Assistant Professor of Chemistry Chenfeng Ke, an organizer of the conference, notes a certain kinship between this conference and the 1956 Dartmouth conference at which the term “artificial intelligence” was coined. The AI conference, like the upcoming 3D printing conference, was a gathering of the research community in a field on the cusp of new realms of discovery.

“The AI concept was cultivated here, so yes, in a similar way we want to cultivate some interdisciplinary collaborative thoughts in the area of additive manufacturing—AM,” Ke says. He hopes the symposium can become a regular event held every two years.

The two-day conference, to be held at the Hanover Inn Aug. 12 and 13, brings together researchers and scholars from the fields of chemistry, materials science, computer science, and engineering as well as industry players and entrepreneurs from across the United States, Europe, and Asia for “3D Printing 2019: An Interdisciplinary Additive Manufacturing Symposium.” Participants will look at a range of ideas in the field, including materials development, polymer chemistry, computational tools and models, green 3D printing, and 3D entrepreneurship. The talks and events on Monday afternoon, including a poster session and industry demonstration, are open to the public.

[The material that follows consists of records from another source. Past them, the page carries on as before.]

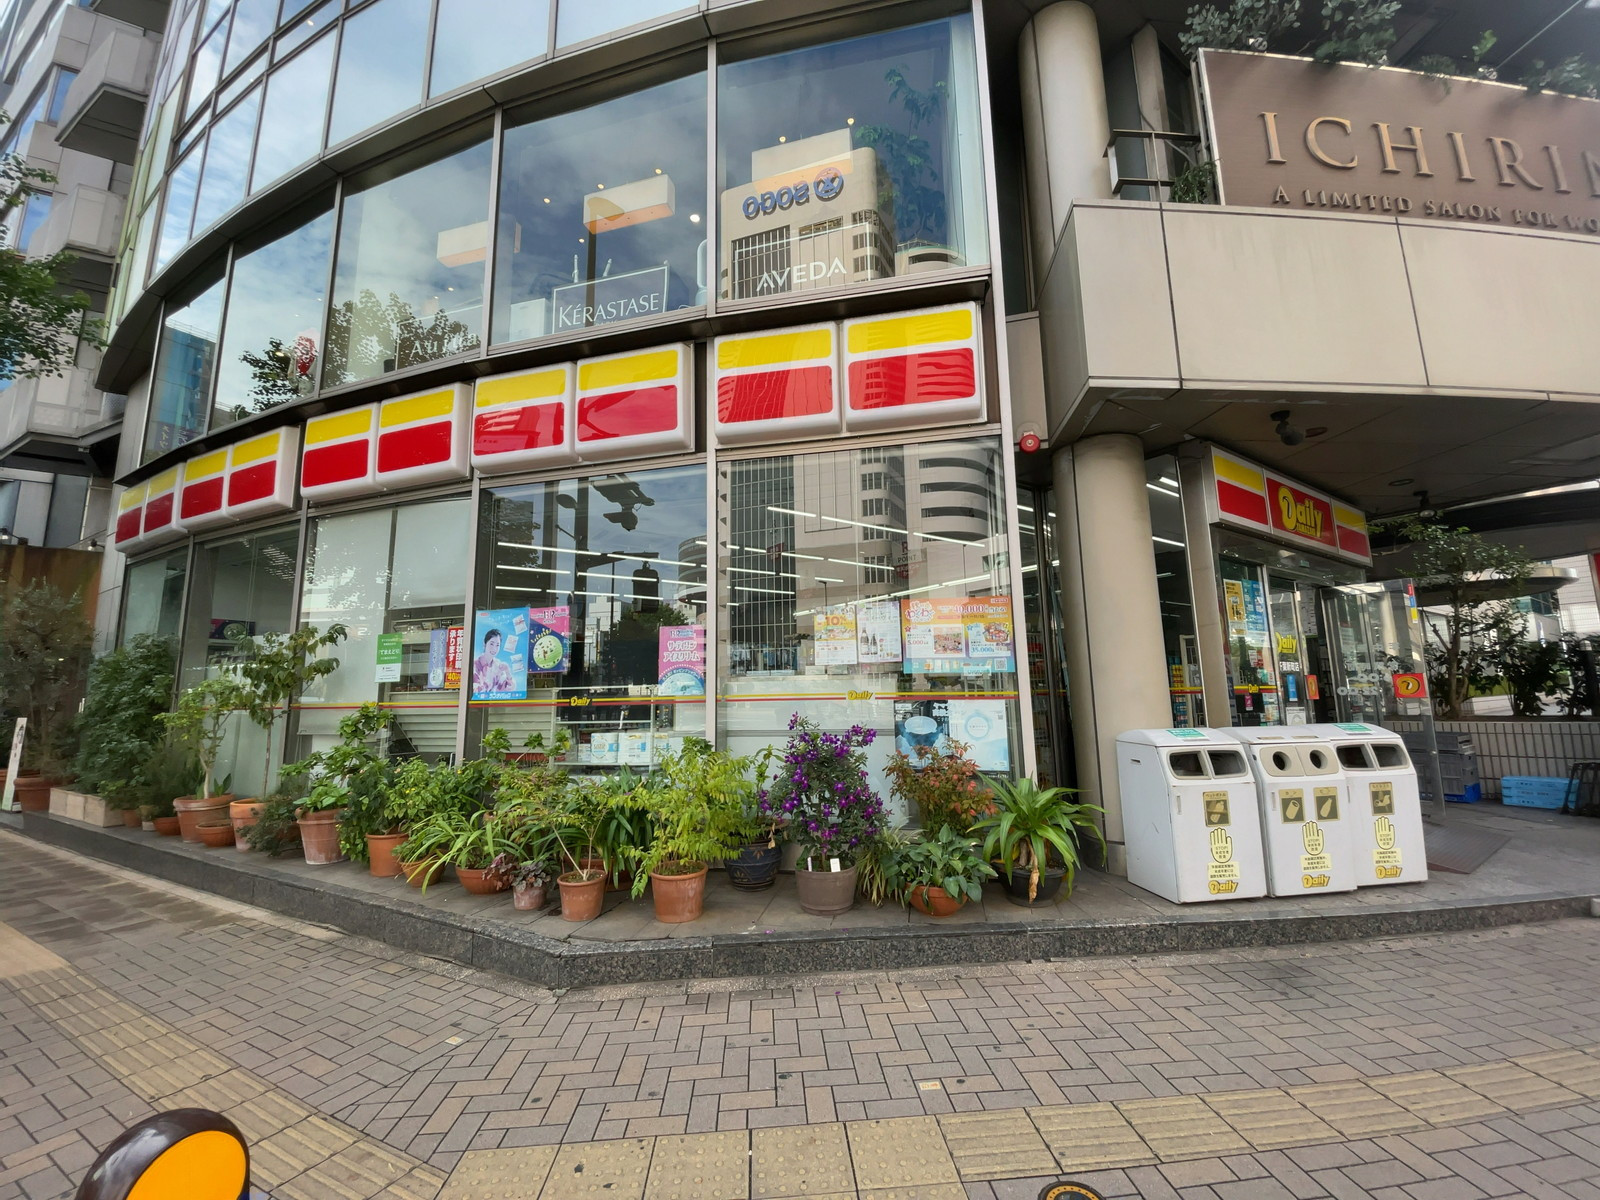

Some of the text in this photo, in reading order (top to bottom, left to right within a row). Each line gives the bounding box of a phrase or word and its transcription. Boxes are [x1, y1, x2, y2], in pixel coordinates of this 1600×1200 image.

[1273, 185, 1291, 204] A
[1302, 189, 1413, 213] LIMITED
[1424, 199, 1502, 222] SALON
[1514, 208, 1558, 228] FOR
[756, 257, 847, 292] AVEDA
[559, 293, 660, 328] KÉRASTASE
[1278, 485, 1323, 539] Daily
[1208, 879, 1239, 895] Daily
[1301, 874, 1331, 889] Daily
[1375, 865, 1403, 880] Daily
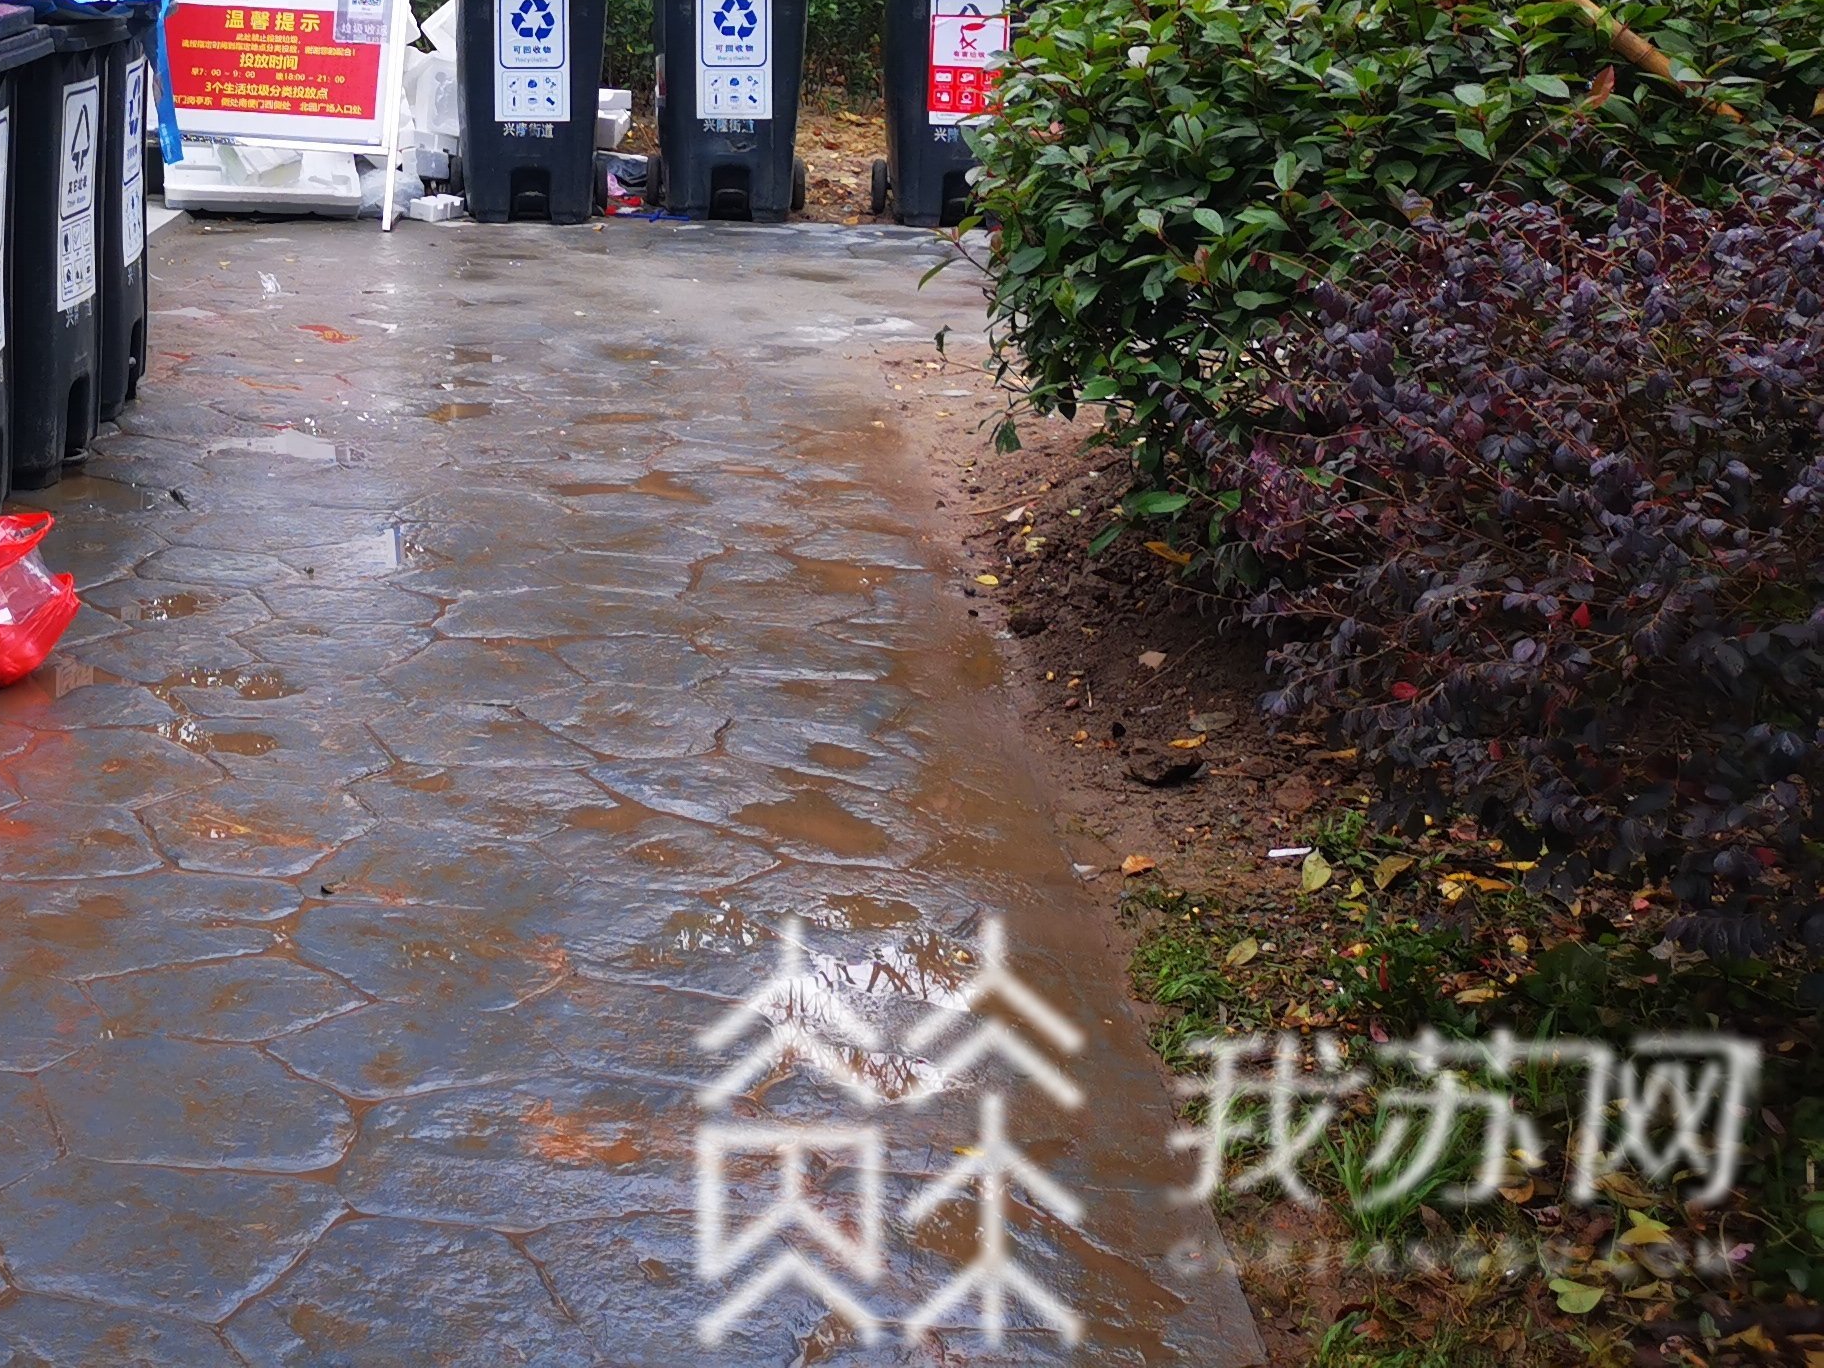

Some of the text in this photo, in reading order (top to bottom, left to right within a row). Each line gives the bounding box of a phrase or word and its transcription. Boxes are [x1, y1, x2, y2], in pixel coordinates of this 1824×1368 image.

[225, 9, 321, 32] 温馨提示
[513, 45, 551, 55] 可回收物
[239, 53, 299, 70] 投放时间
[205, 81, 329, 99] 3个生活垃圾分类投放点
[503, 122, 554, 139] 兴隆街道
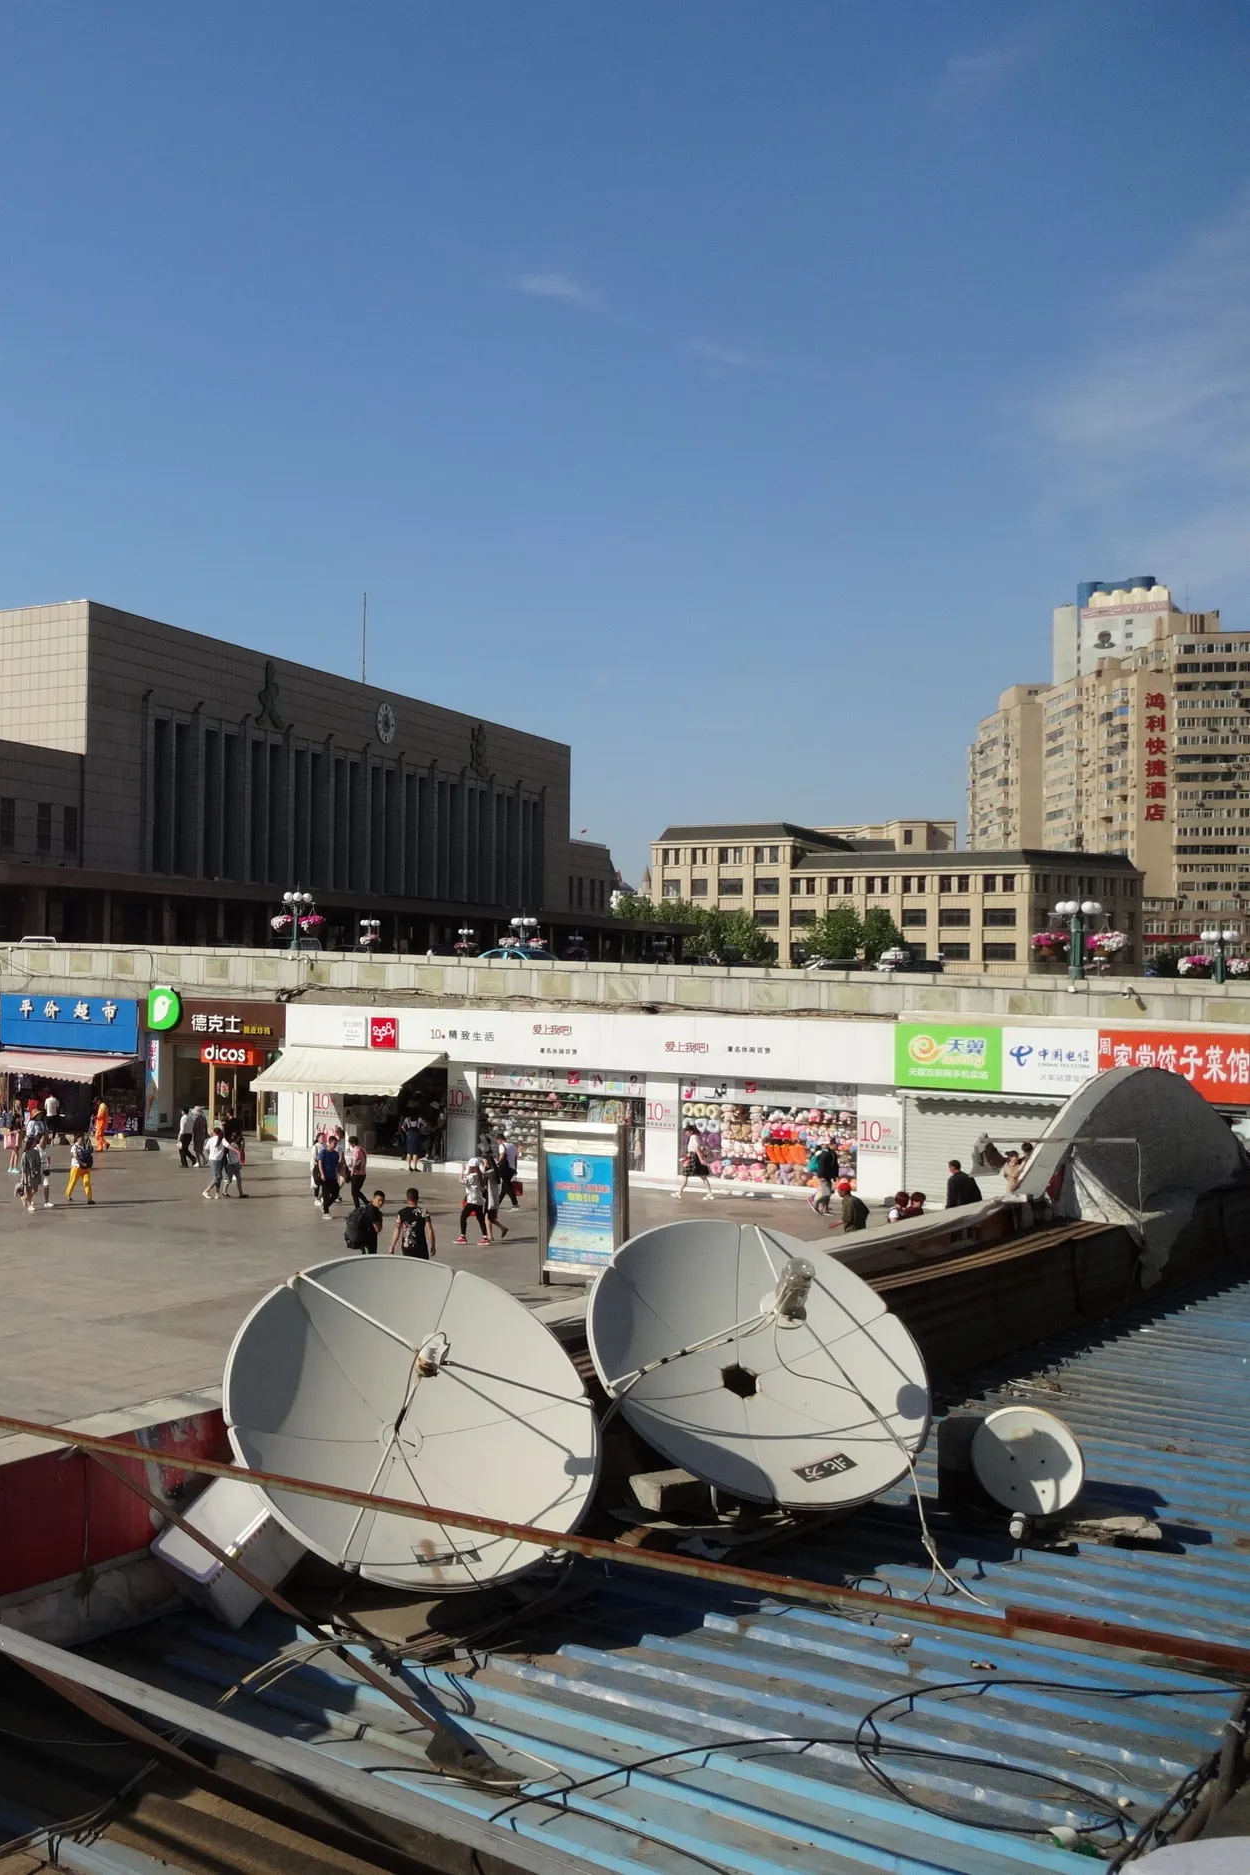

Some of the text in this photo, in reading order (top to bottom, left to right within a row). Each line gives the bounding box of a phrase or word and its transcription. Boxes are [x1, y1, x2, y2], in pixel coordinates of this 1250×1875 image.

Until now, researchers in mechanical engineering, polymer and materials chemistry, computer science, and related fields have conferred separately to discuss 3D printing research, Ke says.

“There are separate meetings, but they don’t have cross talk, so we wanted to create this meeting to bring people with different expertise together, trying to connect from the very beginning—from the earliest computation and simulation, to the end-part of materials making and engineering,” Ke says.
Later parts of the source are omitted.